La taxe simple à l'arrivée

La loi du 29 mars 1889 et le décret du 16 avril 1889 ont édicté que "la taxe des objets de correspondance non affranchis, exclusivement relatifs au service public, provenant des fonctionnaires dont la désignation sera faite par décret, et adressés avec leur contreseings à des personnes vis-à-vis desquelles ces fonctionnaires n'ont pas le droit à la franchise postale, est égale à la taxe d'affranchissement préalable dont lesdits objets étaient passibles."

La même loi décide que cette taxe est à la charge des destinataires.

Cette réforme a été inspirée par le désir de donner satisfaction aux réclamations des particuliers qui se plaignaient que l'administration n'affranchissait pas ses lettres et leur imposait l'obligation de payer un double droit, souvent onéreux, en raison du poids des correspondances administratives.

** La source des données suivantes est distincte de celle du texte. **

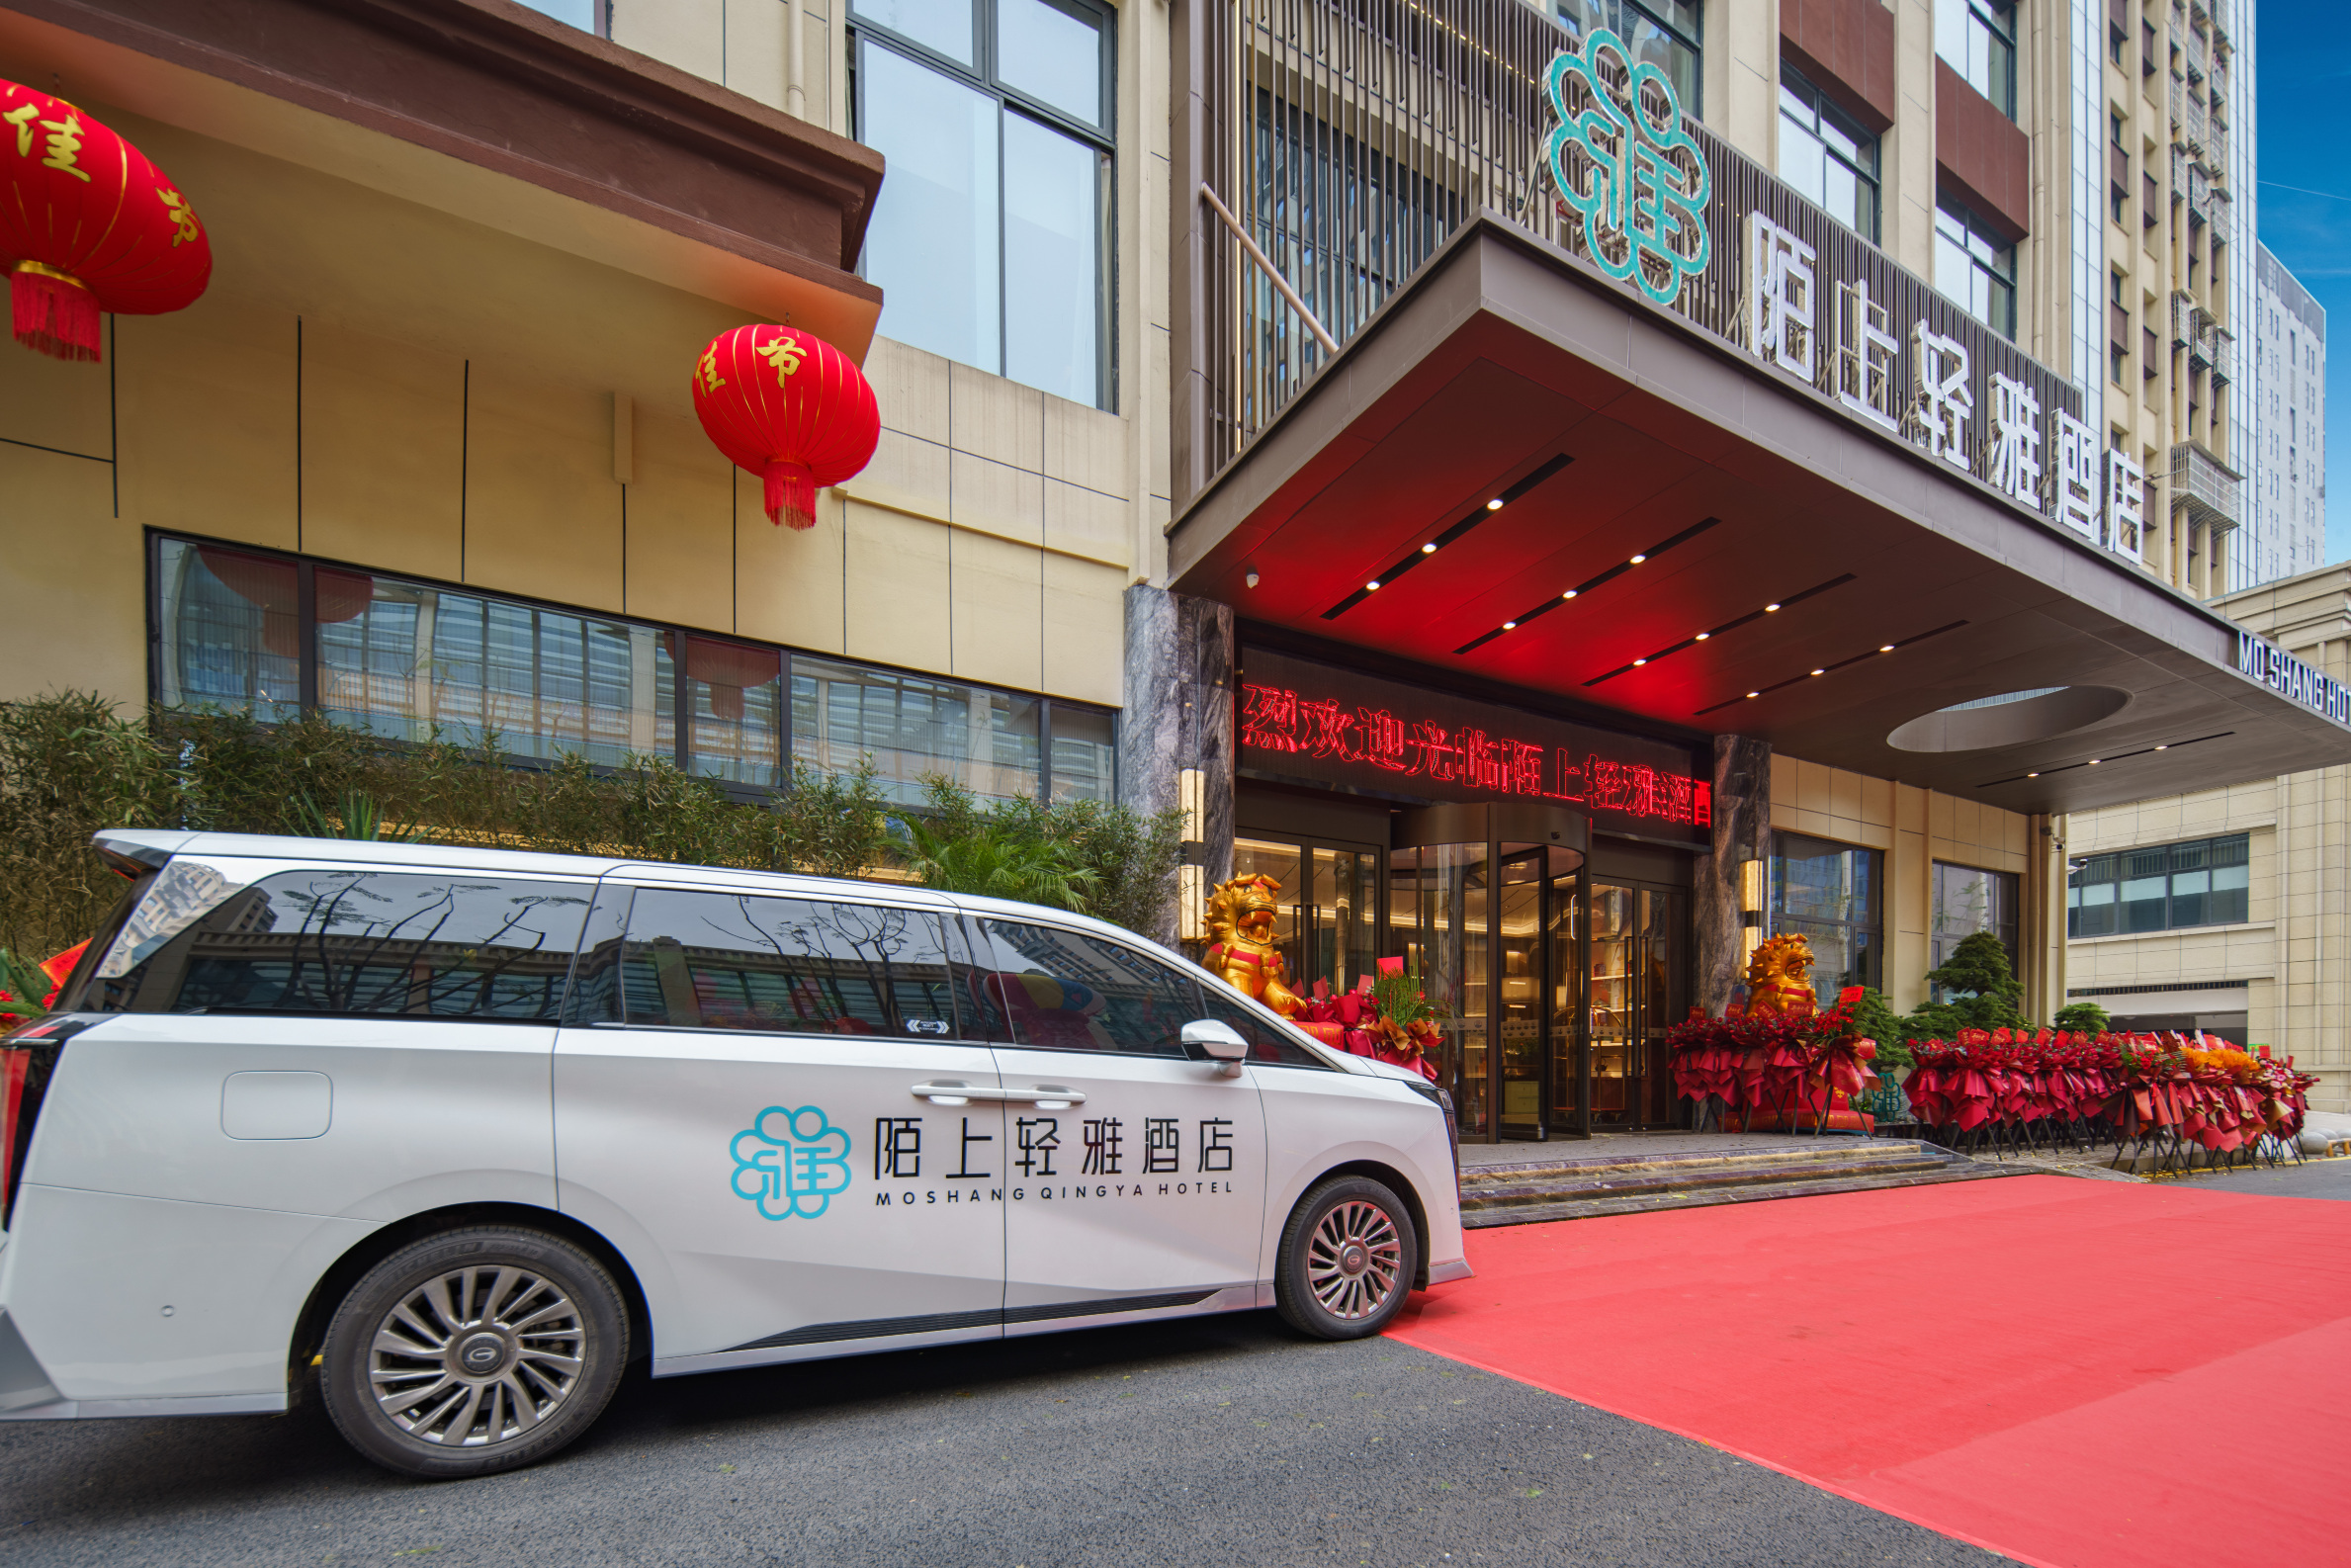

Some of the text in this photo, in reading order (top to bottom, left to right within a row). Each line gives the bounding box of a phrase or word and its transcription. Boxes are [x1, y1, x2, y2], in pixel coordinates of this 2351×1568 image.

Le législateur a voulu dissiper les scrupules des administrations, qui pour épargner aux particuliers le payement de ce double droit se croyaient souvent obligées d'affranchir les lettres qu'elles leur écrivaient et s'imposaient de ce chef une assez forte dépense.



Courrier officiel avec cachet du Commandant du Bureau central du recrutement de Paris, griffe rouge "TAXE SIMPLE A PERCEVOIR A L'ARRIVEE (Loi du 29 Mars 1889)" et oblitération mécanique "Poste aux armées" du bureau postal militaire 222 de la Caserne de Reuilly (04 novembre 1966)

Timbre taxe à 0,30 F correspondant au tarif du 15 janvier 1965 de la lettre simple pour intérieur, timbre à date de Longpré les Corps Saints (07 novembre 1966)


La loi a été codifiée à l'article D.67 du code des postes et télécommunications :

Les plis expédiés dans les relations où la franchise postale ne peut d'exercer, ainsi que ceux ne comportant pas les mentions prévues à l'article D.61, sont traités comme objets non affranchis.

Par exception, les correspondances adressées par les ministres, les secrétaires d'Etat et certains fonctionnaires ou magistrats désignés à l'arrêté mentionné à l'article D.59 à des personnes vis-à-vis desquelles ils ne bénéficient pas de la franchise postale, ne donnent lieu à la perception sur le destinataire que de la simple taxe d'affranchissement.

L'article 2 du décret n° 96-212 du 19 mars 1996 portant modification du code des postes et télécommunications a abrogé les articles D.58 à D.72 relatifs à la franchise postale.